**PROBLEM DESCRIPTION**
Your copy should match the records exactly, except that it contains no pictures.

[Items listed in a dataset]
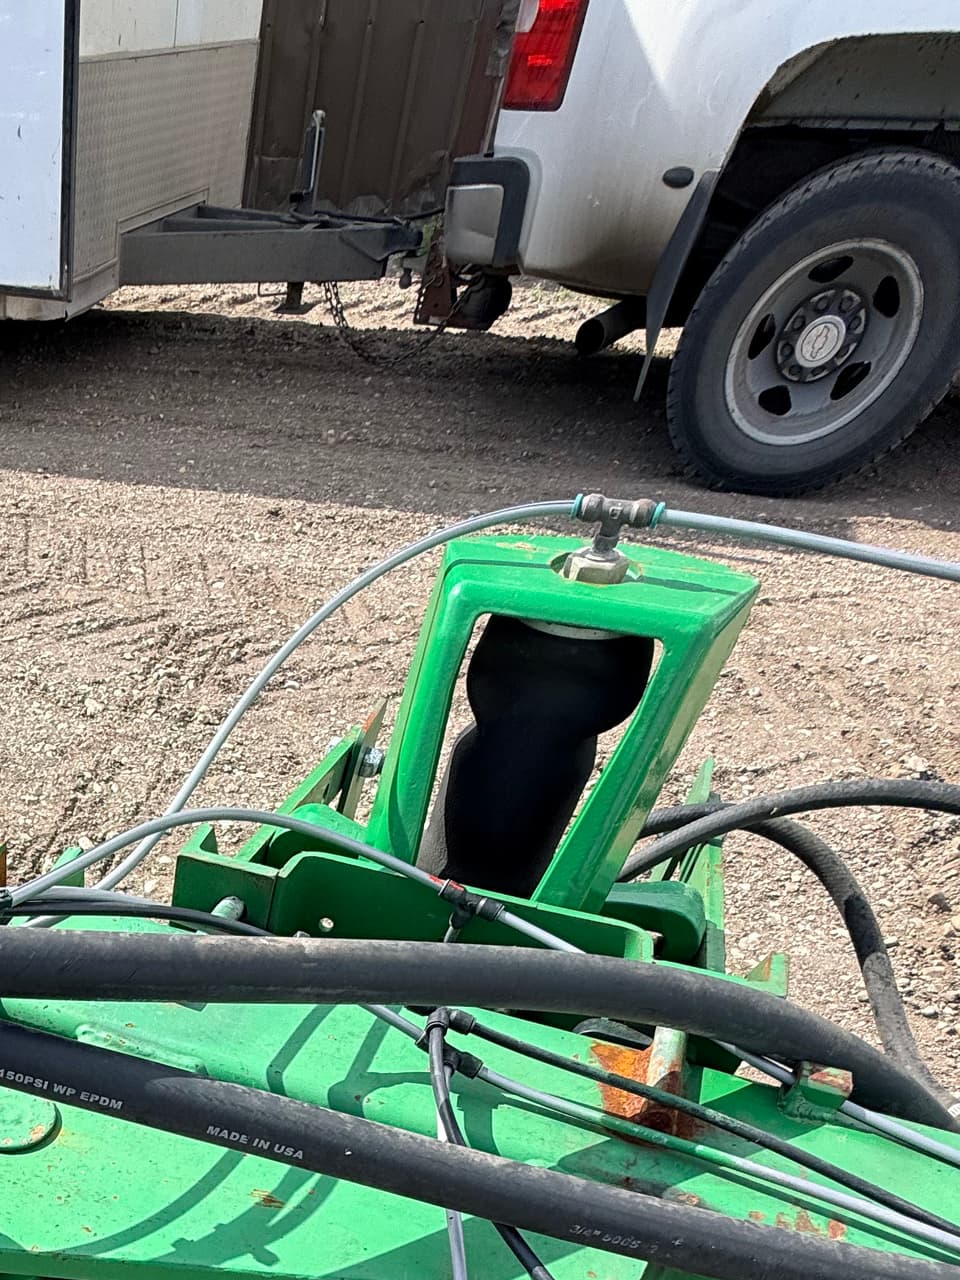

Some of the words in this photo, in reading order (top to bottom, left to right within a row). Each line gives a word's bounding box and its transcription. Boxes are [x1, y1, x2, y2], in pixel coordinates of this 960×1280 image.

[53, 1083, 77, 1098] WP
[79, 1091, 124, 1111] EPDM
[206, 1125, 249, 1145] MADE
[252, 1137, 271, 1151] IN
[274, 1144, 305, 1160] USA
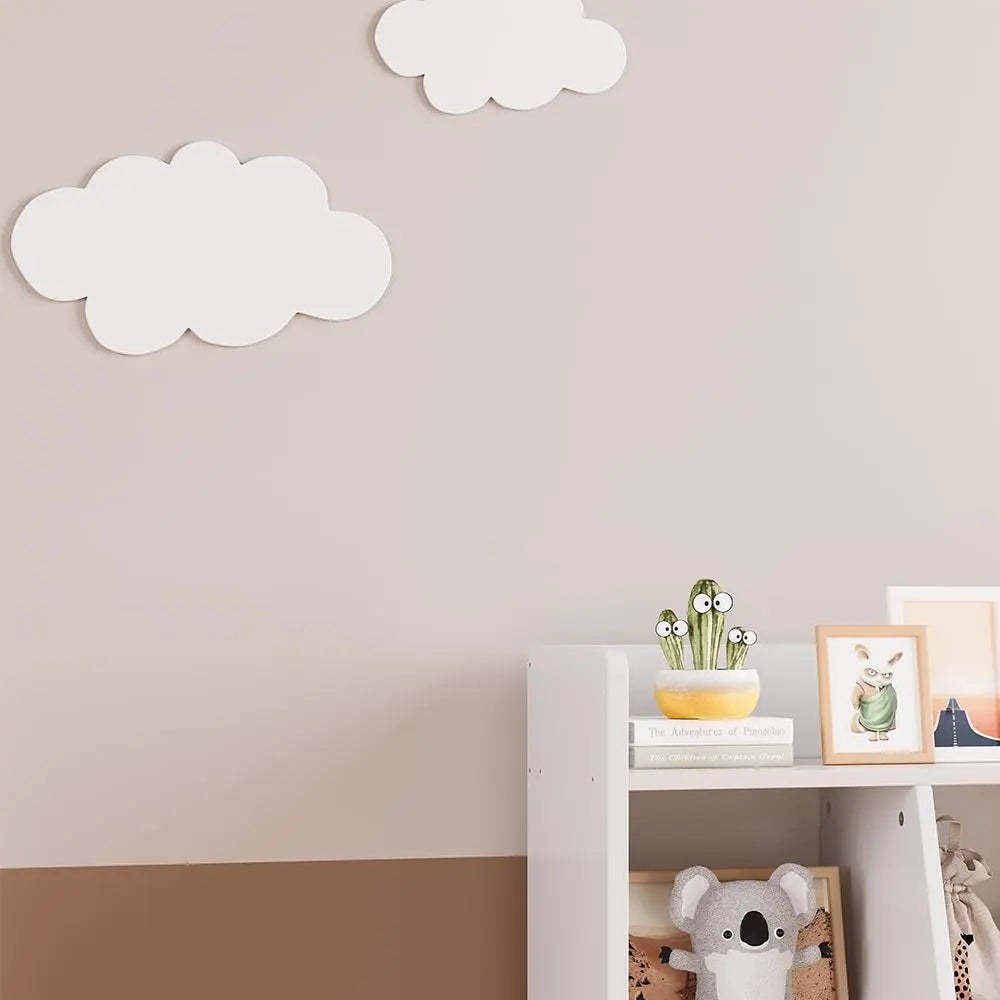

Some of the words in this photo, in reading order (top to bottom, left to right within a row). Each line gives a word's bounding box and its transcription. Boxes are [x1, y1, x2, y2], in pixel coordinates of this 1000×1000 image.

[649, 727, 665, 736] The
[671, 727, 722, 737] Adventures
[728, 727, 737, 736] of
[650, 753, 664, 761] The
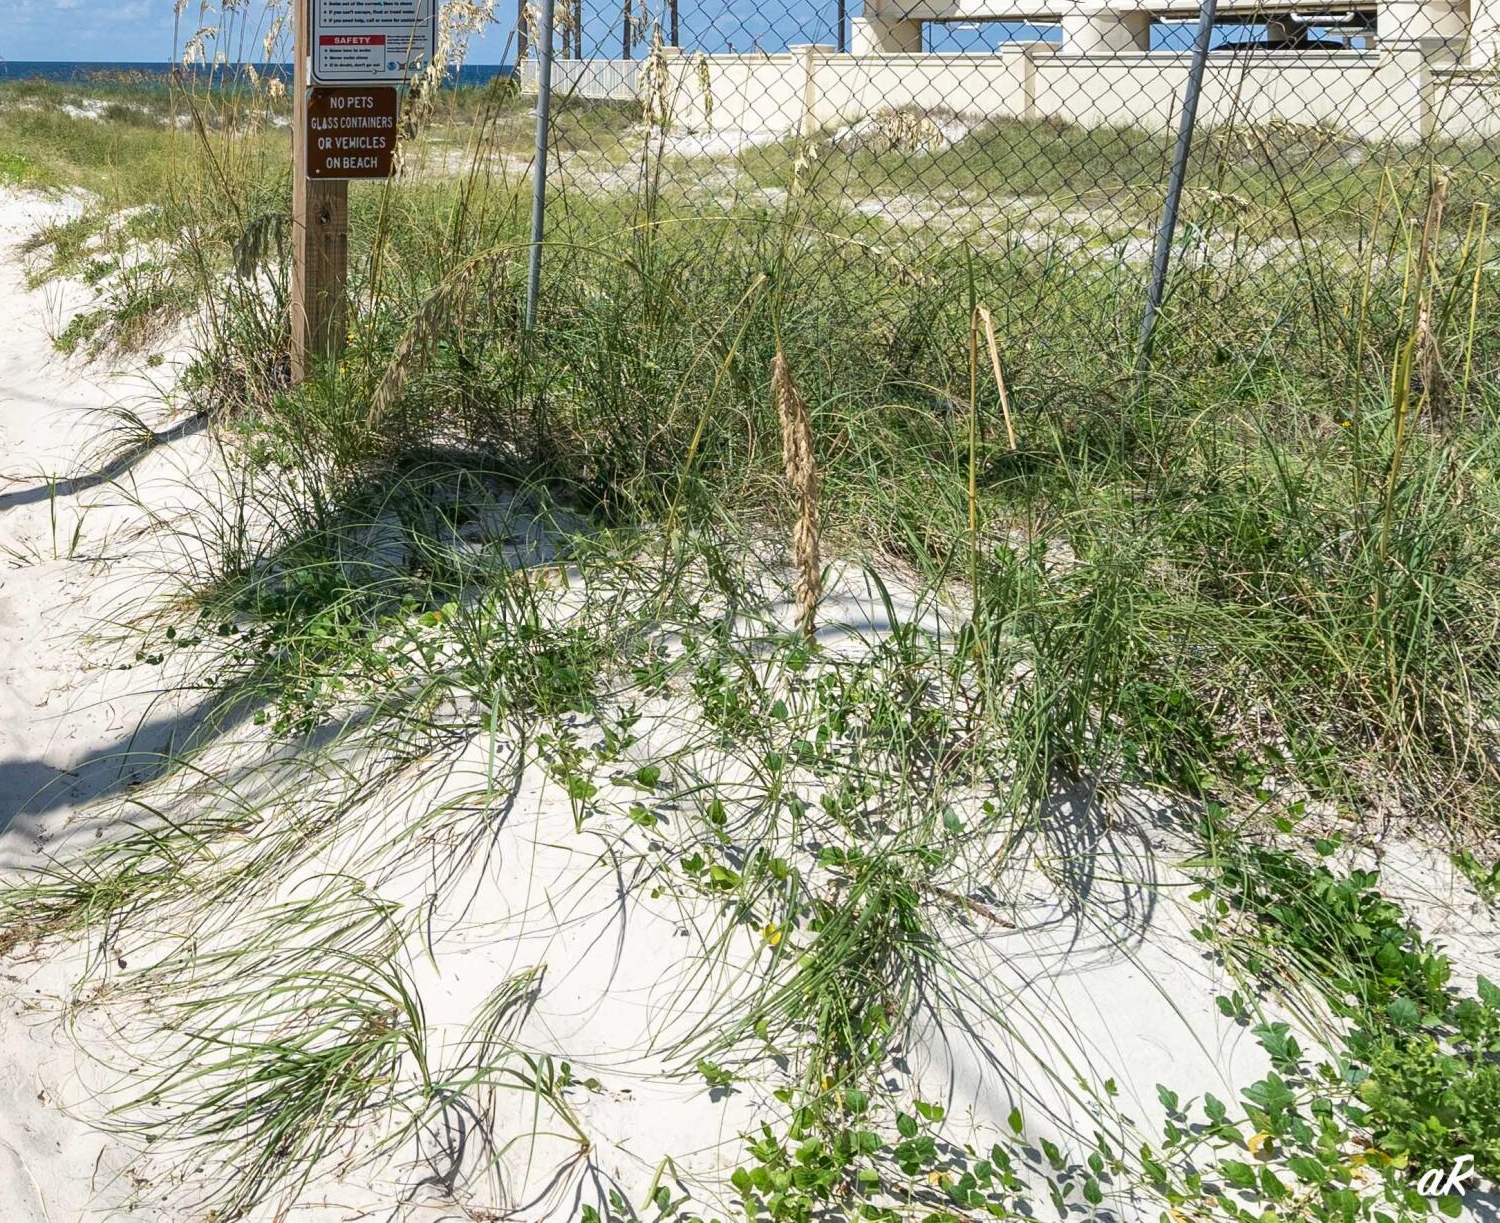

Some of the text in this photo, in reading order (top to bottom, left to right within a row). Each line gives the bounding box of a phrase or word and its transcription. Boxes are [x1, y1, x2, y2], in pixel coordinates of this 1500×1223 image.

**SOLUTION TO THIS EXERCISE**
Some of the words in this photo, in reading order (top to bottom, left to right within a row). Each line gives a word's bounding box and its transcription. Boxes are [x1, y1, x2, y2], in pixel coordinates of this 960×1280 image.

[53, 1083, 77, 1098] WP
[79, 1091, 124, 1111] EPDM
[206, 1125, 249, 1145] MADE
[252, 1137, 271, 1151] IN
[274, 1144, 305, 1160] USA

Some of the words in this photo, in reading order (top to bottom, left to right within a row). Each line gives a word's bounding box and its transcription. Boxes are [x1, y1, x2, y2], in pixel coordinates of this 1000×1000 image.

[649, 727, 665, 736] The
[671, 727, 722, 737] Adventures
[728, 727, 737, 736] of
[650, 753, 664, 761] The

Some of the text in this photo, in reading order (top to bottom, left to right within a row). Each line gives the bounding box of a phrase or word and its transcription. Boxes are [x1, y1, x2, y2], in pixel coordinates of this 1500×1223 image.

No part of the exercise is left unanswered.